I’ve been listening again and again to the Rend Collective album ‘The Art of Celebration’ over the past week.
‘We were born for greater things
We were born to chase Your dreams
Come my Lord, awaken holy fire.
We are turning from our sin
We are praying once again
Come my Lord, awaken holy fire.
We are aching for the real thing
Hearts are open wide.’
Deep inside I am ‘aching for the real thing’. I want meaning and purpose and connection, and I want to see the Kingdom come and I want life to be bigger and brighter. In another song they sing, ‘You made us for much more than this’, and when I sing it every part of me shouts “Yes. I am made for more than this“. I somehow think that I will know that I am living the life God wants me to live when it’s a recognisably deeper, fuller, firework-blazing life.

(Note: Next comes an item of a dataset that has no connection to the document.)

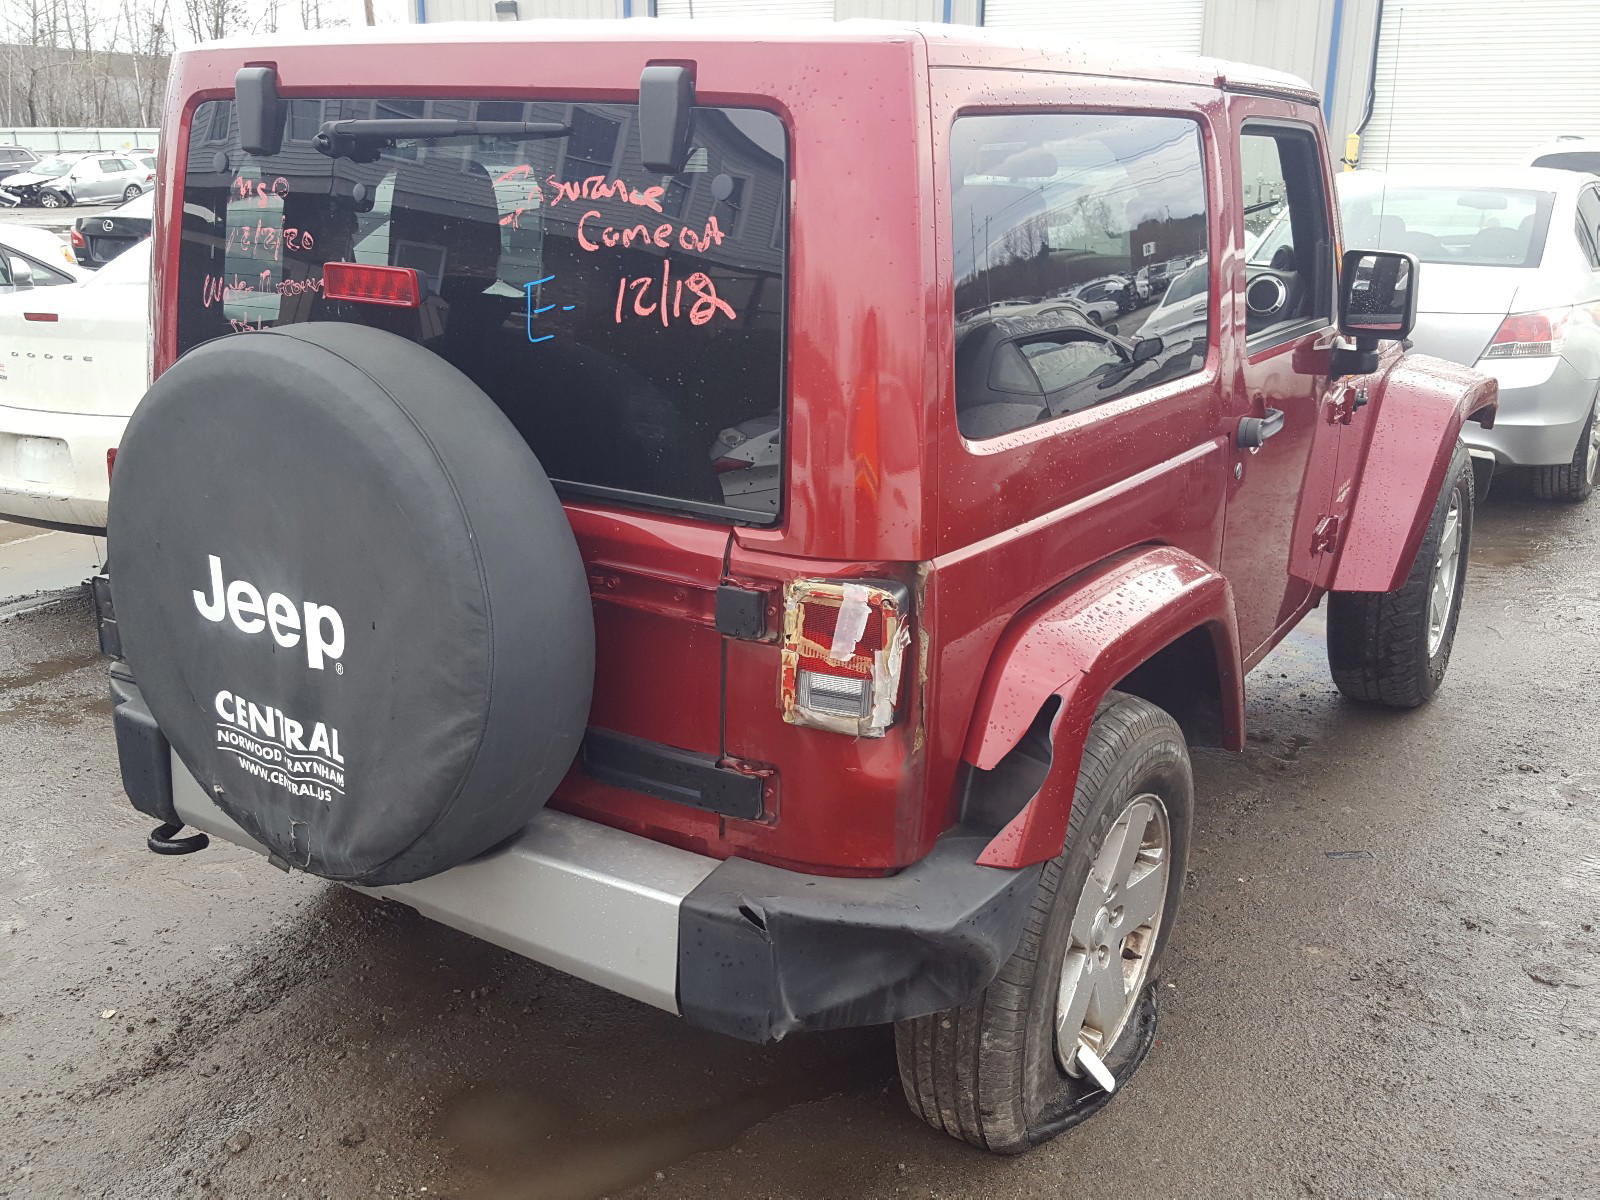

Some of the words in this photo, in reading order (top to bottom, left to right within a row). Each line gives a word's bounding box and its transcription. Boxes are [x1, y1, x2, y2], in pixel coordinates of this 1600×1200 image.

….but I can’t be there yet because my life feels very small. And full of un-great things.
The parameters of my life have shrunk in the last few months due to the health problems faced by one of my children. It’s hard. I ask God ‘How do I ‘chase Your dreams’ and find ‘the real thing’ when I’m at home every day feeling demotivated and exhausted?’
But what if what I am doing right now with my life is the real thing? What if I am actually chasing God’s dreams in this small space?
I heard a preacher on the radio talk about how it really doesn’t matter what we do – what job we take, or what subject we study; where we live or who we are with. The externals merely shape our surroundings.
The reason it doesn’t matter, is because the really important task of our lives is to become more like Jesus – to love more, to show more grace, to learn to forgive, to walk alongside those who are hurt or in pain or in need.
All of us can do all of those things whoever and wherever we are.
Today I read in my bible these verses from Isaiah 58:
‘Is not this the kind of fasting I have chosen: to loose the chains of injustice and untie the cords of the yoke, to set the oppressed free and break every yoke?
Is it not to share your food with the hungry and to provide the poor wanderer with shelter – when you see the naked, to clothe them, and not to turn away from your own flesh and blood?
Then your light will break forth like the dawn, and your healing will quickly appear; then your righteousness will go before you, and the glory of the Lord will be your rear guard.
Then you will call, and the Lord will answer; you will cry for help, and he will say: here am I.
If you do away with the yoke of oppression,with the pointing finger and malicious talk, and if you spend yourselves on behalf of the hungry and satisfy the needs of the oppressed , then your light will rise in the darkness, and your night will become like the noonday.
The Lord will guide you always; he will satisfy your needs in a sun-scorched land and will strengthen your frame. You will be like a well-watered garden, like a spring whose waters never fail.
Your people will rebuild the ancient ruins and will raise up the age-old foundations; you will be called Repairer of Broken Walls, Restorer of Streets with Dwellings.”
It hit me out of the blue. I am living, every day, the kind of offering God wants. Whether I am offering it to him as a gift is another matter, but I am daily resisting the selfish urges to turn away from the demands placed on me by my family. I am spending myself on behalf of one oppressed, not by other people, but by pain and illness.
God wants people who will do what I’m already doing. I didn’t choose it, I can’t say that I read these verses and decided to commit my life to serving the oppressed and not turning my back on my family, but I have told God that I want to love Him, and I have been placed right in the midst of these opportunities.
At the weekend I talked with another mother of children facing huge challenges, and we affirmed each other – we told each other that we were doing a good job, that we were raising pretty wonderful humans, and that our God is a God of power and strength who will be with us through everything.
And when I read these verses this morning I wanted to call her up and say, ‘Hey, do you know what else we are doing ? We are chasing His dreams. We are getting the real thing. It’s been given to us. It’s a gift. We’re learning to love well. We’re trying to lift the oppression off those who have been trusted to our care. We’re worn out because of love.”
This is holy fire. It burns and it refines. Its heat removes the layers of dirt that cling to us. It’s painful but it’s good.
So today I celebrate that I’ve been given just a glimpse of the eternal perspective. That at this moment I can see my life, and the lives of those whom I love, with the eyes of God, rather than with my earthly, affluent, aspirational, driven, western eyes.
I want to love well. I want to raise children who will love well.
I’m chasing the dreams that are in the heart of God.